Magnetic ink helps electronics self-repair

Engineers from the University of California San Diego have developed a magnetic ink that can be used to 3D print self-repairing batteries and circuits.

(Credit: UC San Diego)
(Credit: UC San Diego)

The ink is able to repair itself due to the presence of conductive neodymium microparticles, which are aligned in a particular way by a magnetic field. When torn or cut, the two sides of the printed material are magnetically attracted to each other, recombining to form a complete circuit. Described in the journal Science Advances, the magnetic ink could be used in electrochemical sensors, wearables and various other printed electronics.

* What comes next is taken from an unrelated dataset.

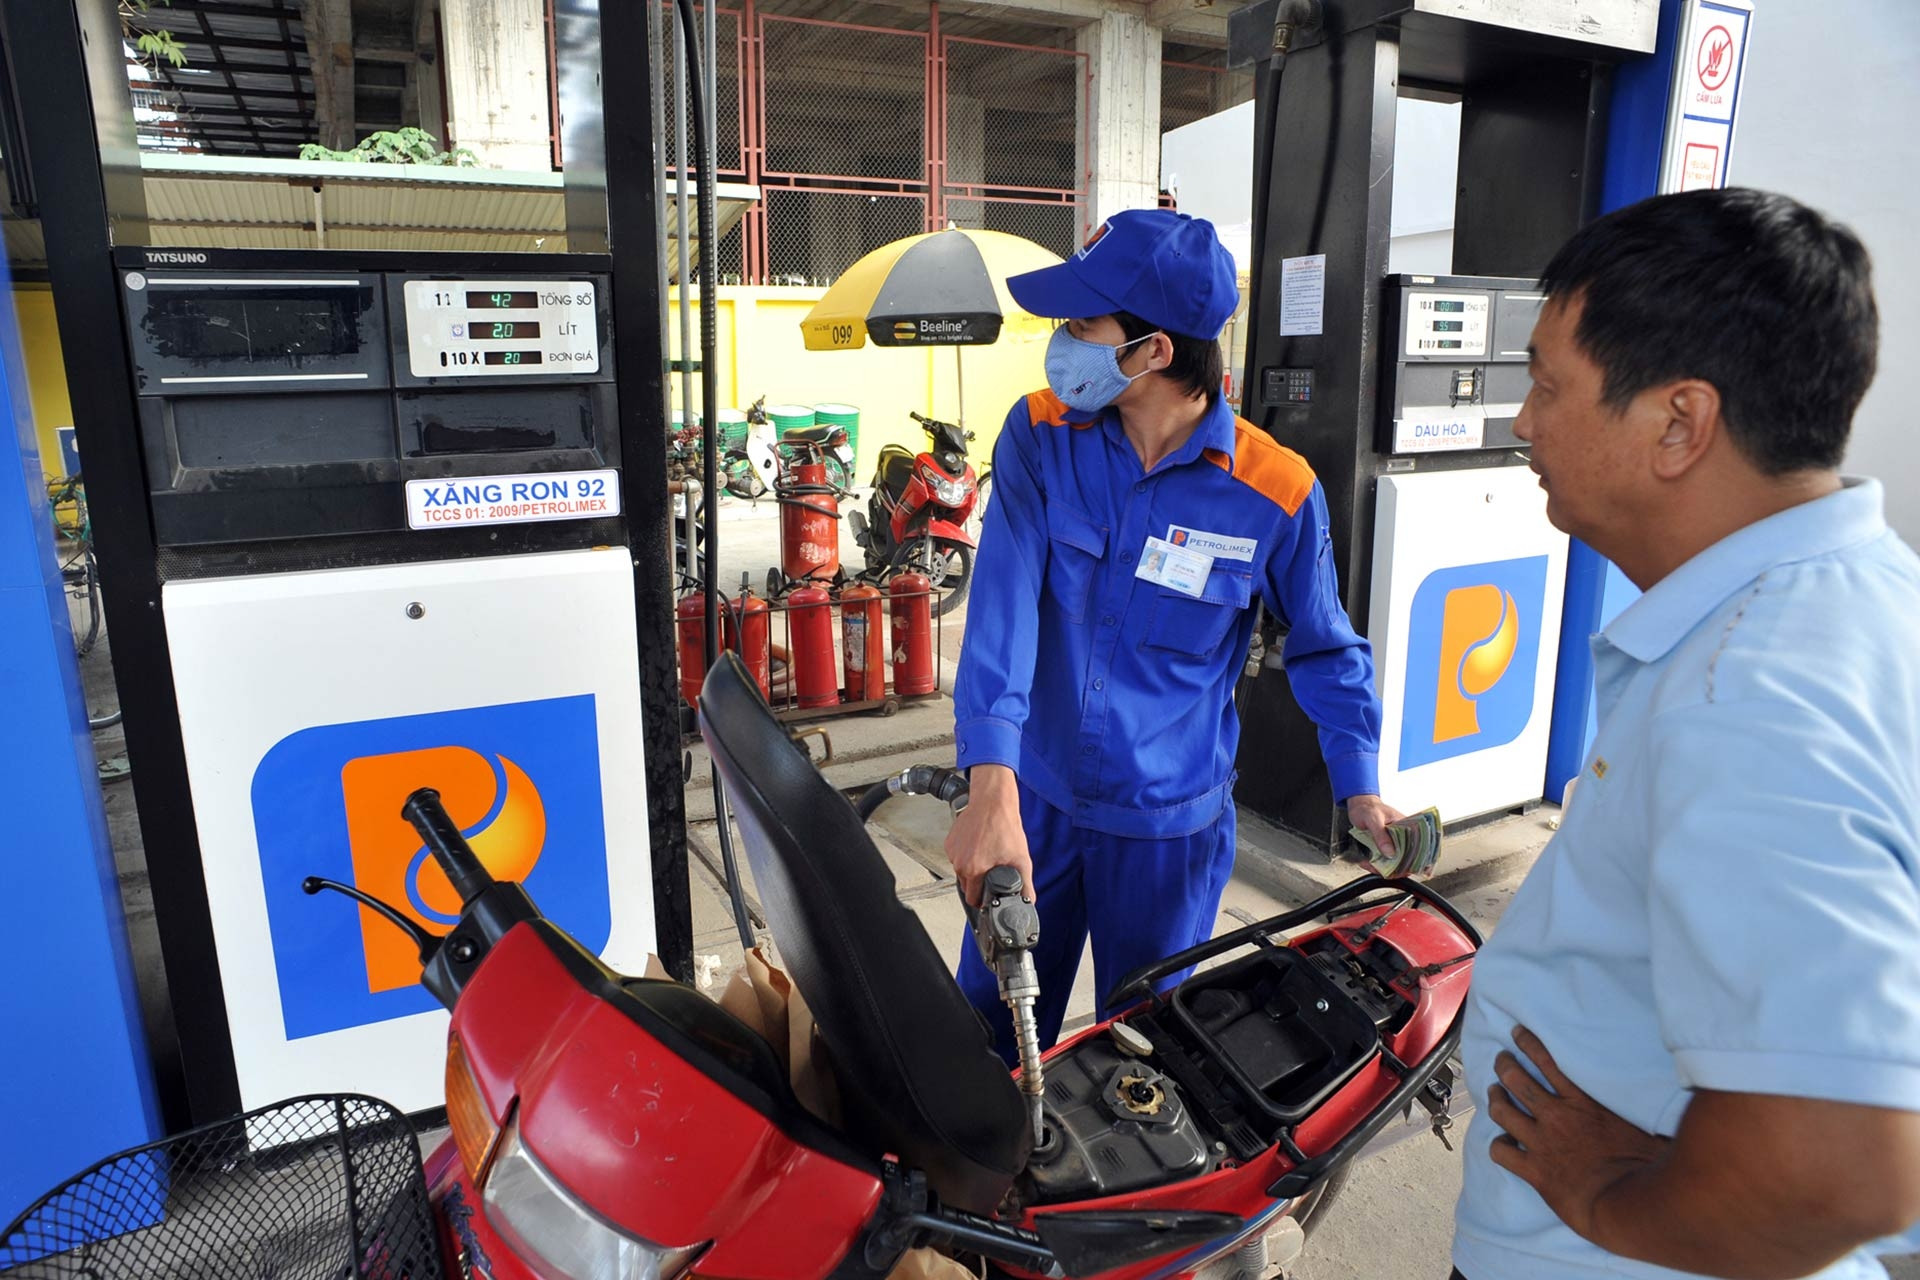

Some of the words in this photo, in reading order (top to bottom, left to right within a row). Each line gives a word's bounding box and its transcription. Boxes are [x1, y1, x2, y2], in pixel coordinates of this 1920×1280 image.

The engineers demonstrated the ink’s capabilities by printing a self-healing circuit on the sleeve of a T-shirt, and connecting it to a LED light and a small battery. When the T-shirt and the circuit were cut, the LED light shut down, but after just a few seconds it came back on when the two sides of the material were magnetically drawn back together, and the circuit was restored.

“Our work holds considerable promise for widespread practical applications for long-lasting printed electronic devices,” said Joseph Wang, director of the Centre for Wearable Sensors and chair of the nanoengineering department at UC San Diego.

According to the researchers, existing self-healing materials rely on external stimuli such as heat or pressure. An advantage of the magnetic ink is that no such catalyst is required, and damage can be repaired within about 50 milliseconds (0.05 seconds). As well as the neodymium microparticles, the ink contains carbon black, a material commonly used in batteries and sensors. Devices are printed in the presence of an external magnetic field, which ensures that the particles position themselves to behave as a permanent magnet with two opposite poles.

In the future, the UC San Diego team plans to experiment with inks using a combination of different ingredients that could have a wide range of applications.